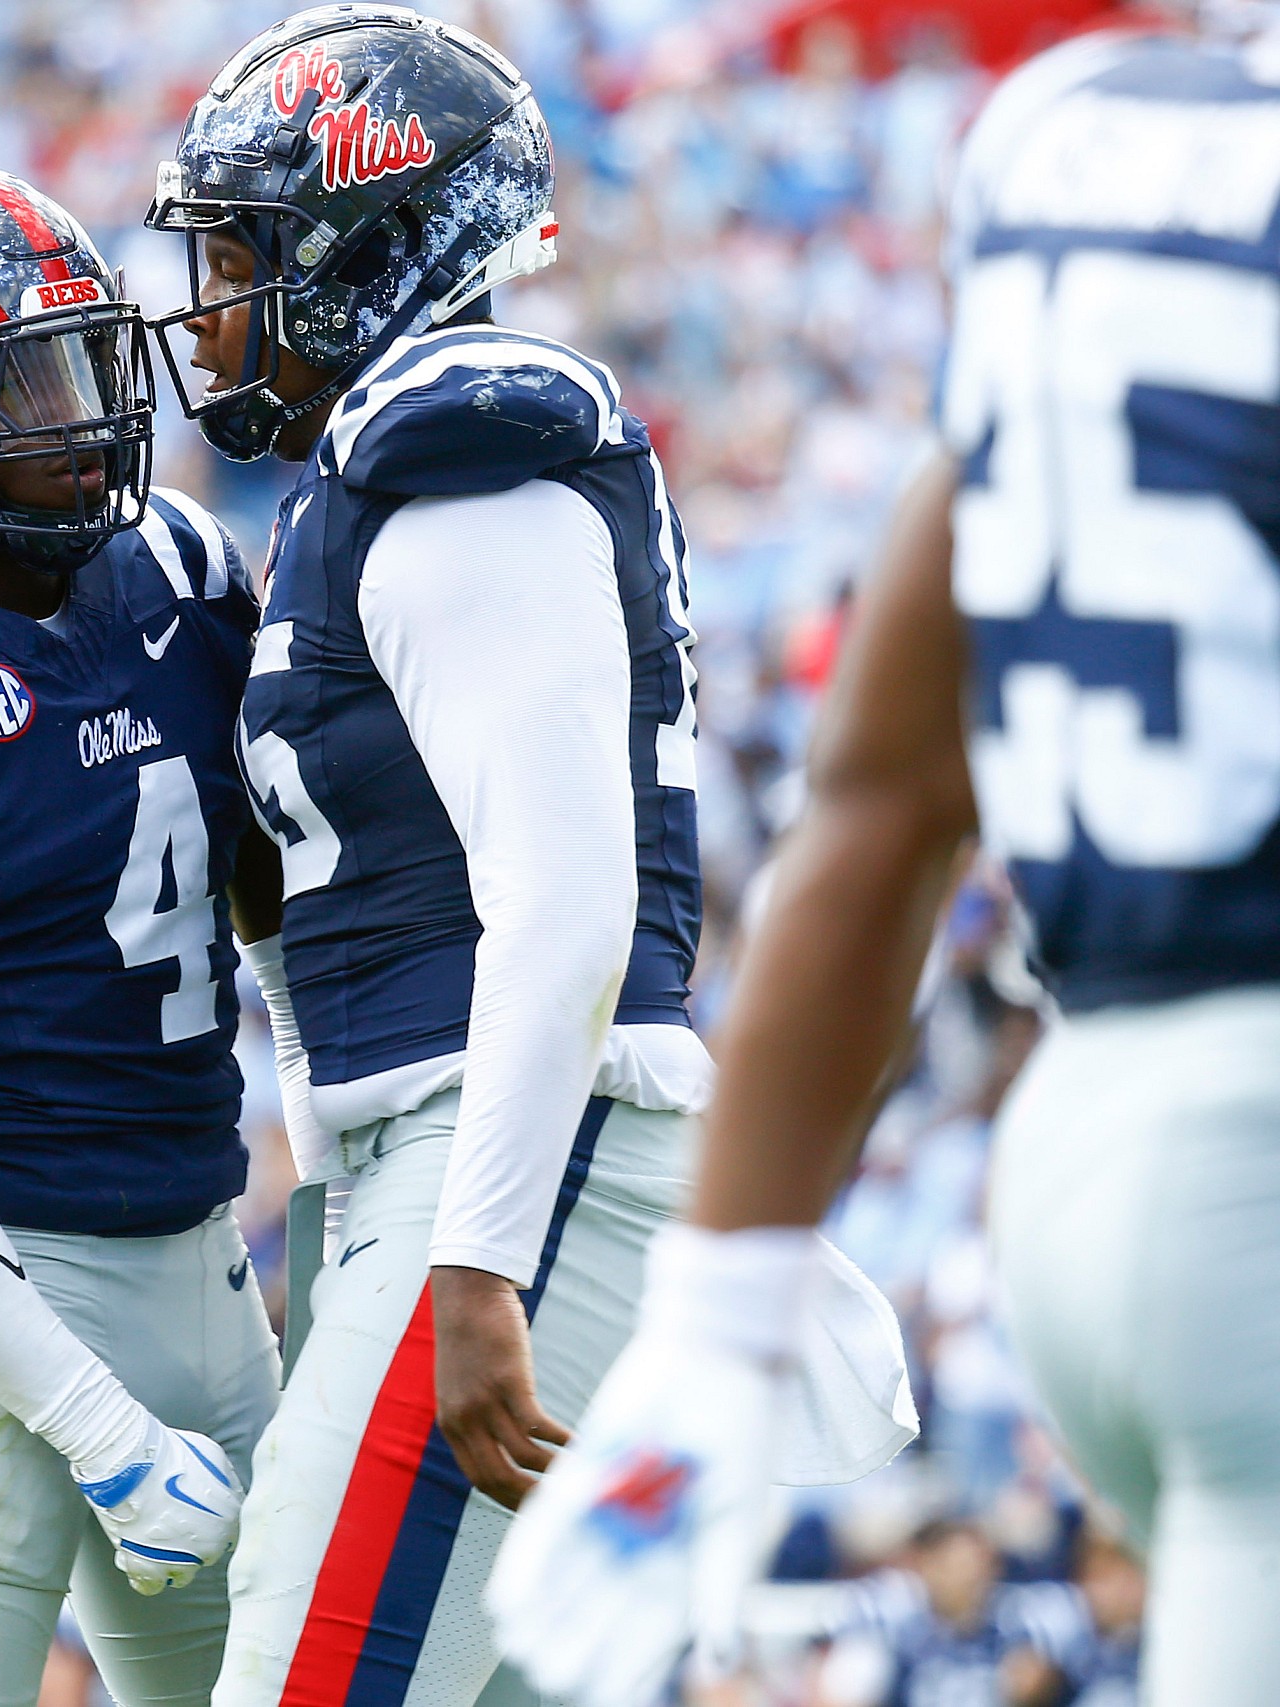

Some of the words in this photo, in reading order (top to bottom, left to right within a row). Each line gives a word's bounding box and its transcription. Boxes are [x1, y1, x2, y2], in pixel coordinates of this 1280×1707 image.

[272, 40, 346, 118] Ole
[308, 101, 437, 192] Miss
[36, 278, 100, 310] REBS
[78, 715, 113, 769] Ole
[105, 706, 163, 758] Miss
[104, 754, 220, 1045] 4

——

Your task is to set down the records shown above exactly, minus any pictures.

Some of the words in this photo, in reading order (top to bottom, left to right within a row). Each line gives a word's bounding box and its transcription. Boxes are [x1, y1, x2, y2], in pixel coordinates of this 1280×1707 image.

[272, 40, 346, 118] Ole
[308, 101, 437, 192] Miss
[36, 278, 100, 310] REBS
[78, 715, 113, 769] Ole
[105, 706, 163, 758] Miss
[104, 754, 220, 1045] 4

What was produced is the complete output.